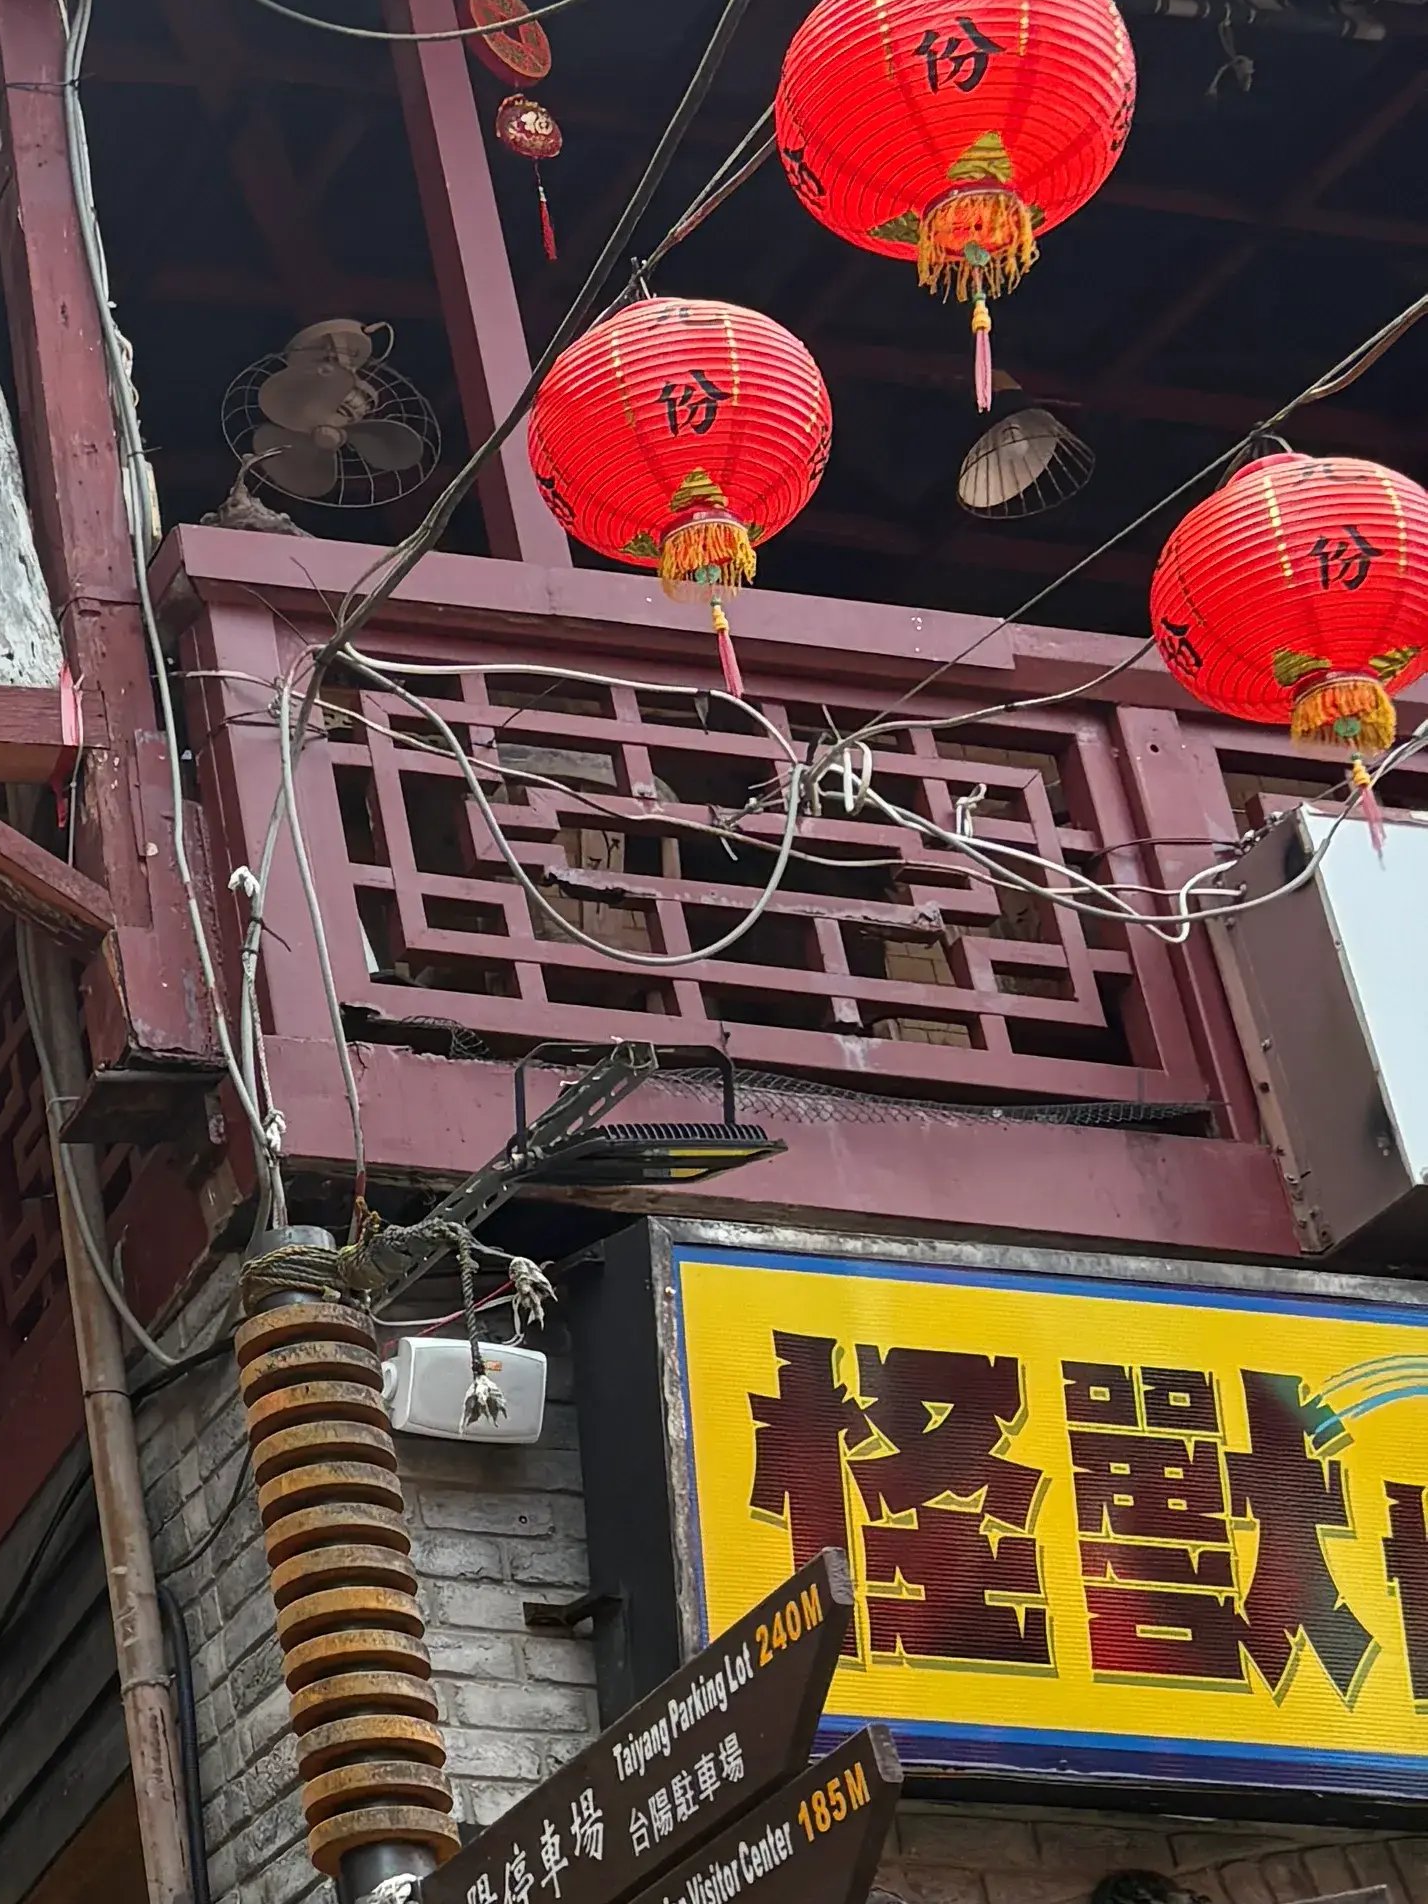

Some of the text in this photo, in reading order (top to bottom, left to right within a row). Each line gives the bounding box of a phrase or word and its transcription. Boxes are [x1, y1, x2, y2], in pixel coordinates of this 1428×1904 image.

[747, 1328, 1428, 1721] 怪獸
[611, 1716, 672, 1782] Taiyang
[668, 1674, 730, 1751] Parking
[726, 1642, 755, 1697] Lot
[738, 1820, 796, 1893] Center
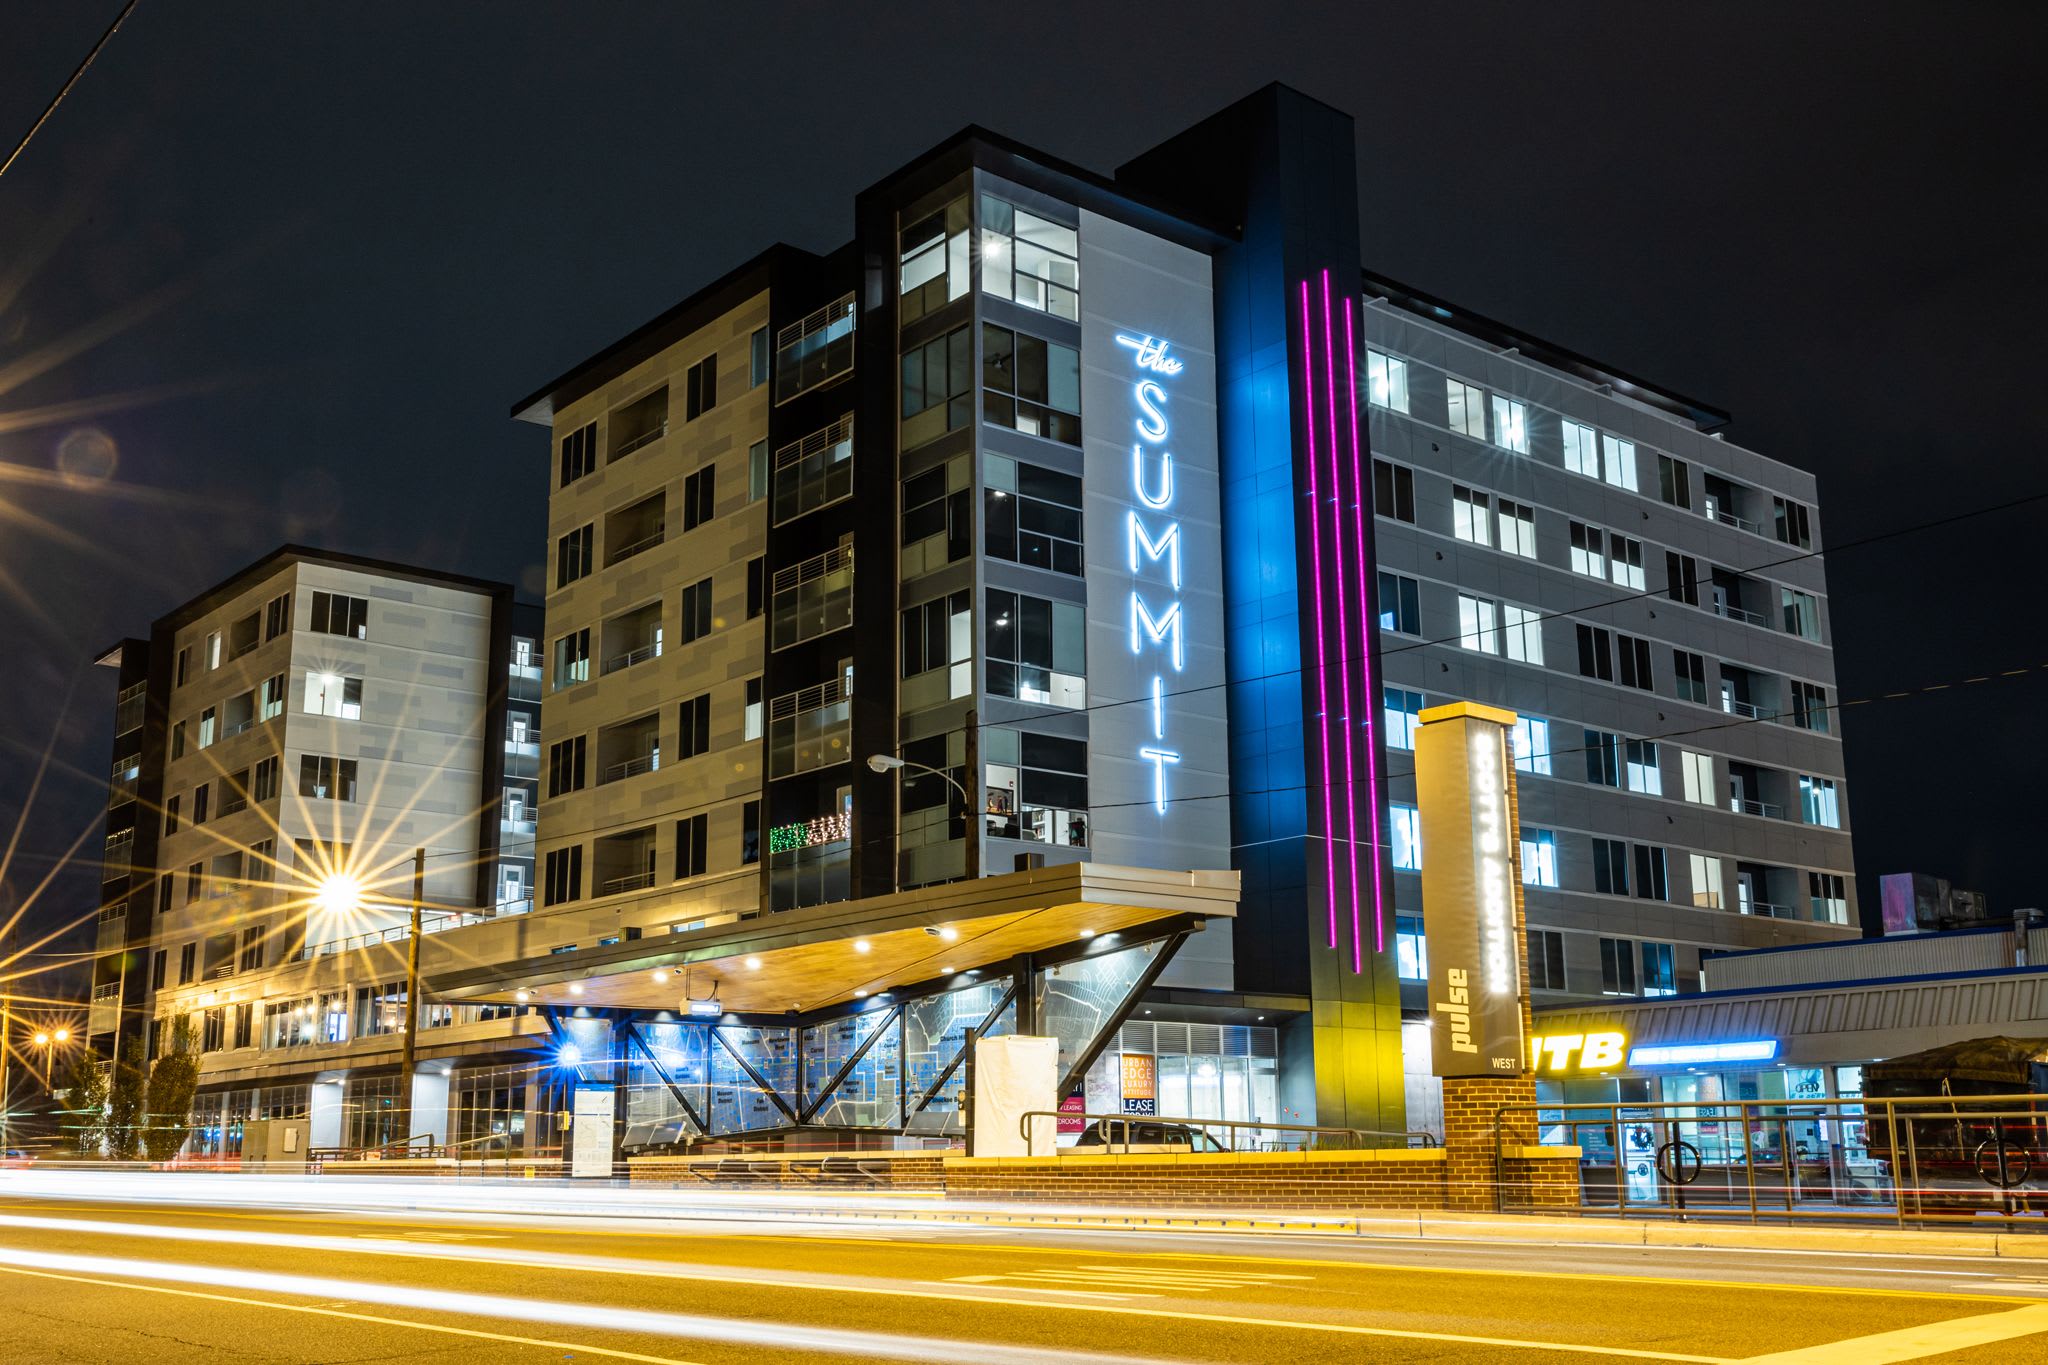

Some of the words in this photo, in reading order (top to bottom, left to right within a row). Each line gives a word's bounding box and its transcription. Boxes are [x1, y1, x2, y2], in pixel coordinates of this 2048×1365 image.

[1115, 335, 1184, 374] the
[1127, 380, 1183, 816] SUMMIT
[1436, 968, 1478, 1054] pulse
[1122, 1057, 1153, 1067] URBAN
[1492, 1057, 1516, 1070] WEST
[1123, 1067, 1152, 1079] EDGE
[1123, 1080, 1153, 1088] LUXURY
[1123, 1099, 1153, 1111] LEASE

Your instructions
All lines from the one containing "Some of the words" through the end of the listing above are to be restated word for word, and no others.

Response to the exercise
Some of the words in this photo, in reading order (top to bottom, left to right within a row). Each line gives a word's bounding box and its transcription. Boxes are [x1, y1, x2, y2], in pixel coordinates of this 2048×1365 image.

[1115, 335, 1184, 374] the
[1127, 380, 1183, 816] SUMMIT
[1436, 968, 1478, 1054] pulse
[1122, 1057, 1153, 1067] URBAN
[1492, 1057, 1516, 1070] WEST
[1123, 1067, 1152, 1079] EDGE
[1123, 1080, 1153, 1088] LUXURY
[1123, 1099, 1153, 1111] LEASE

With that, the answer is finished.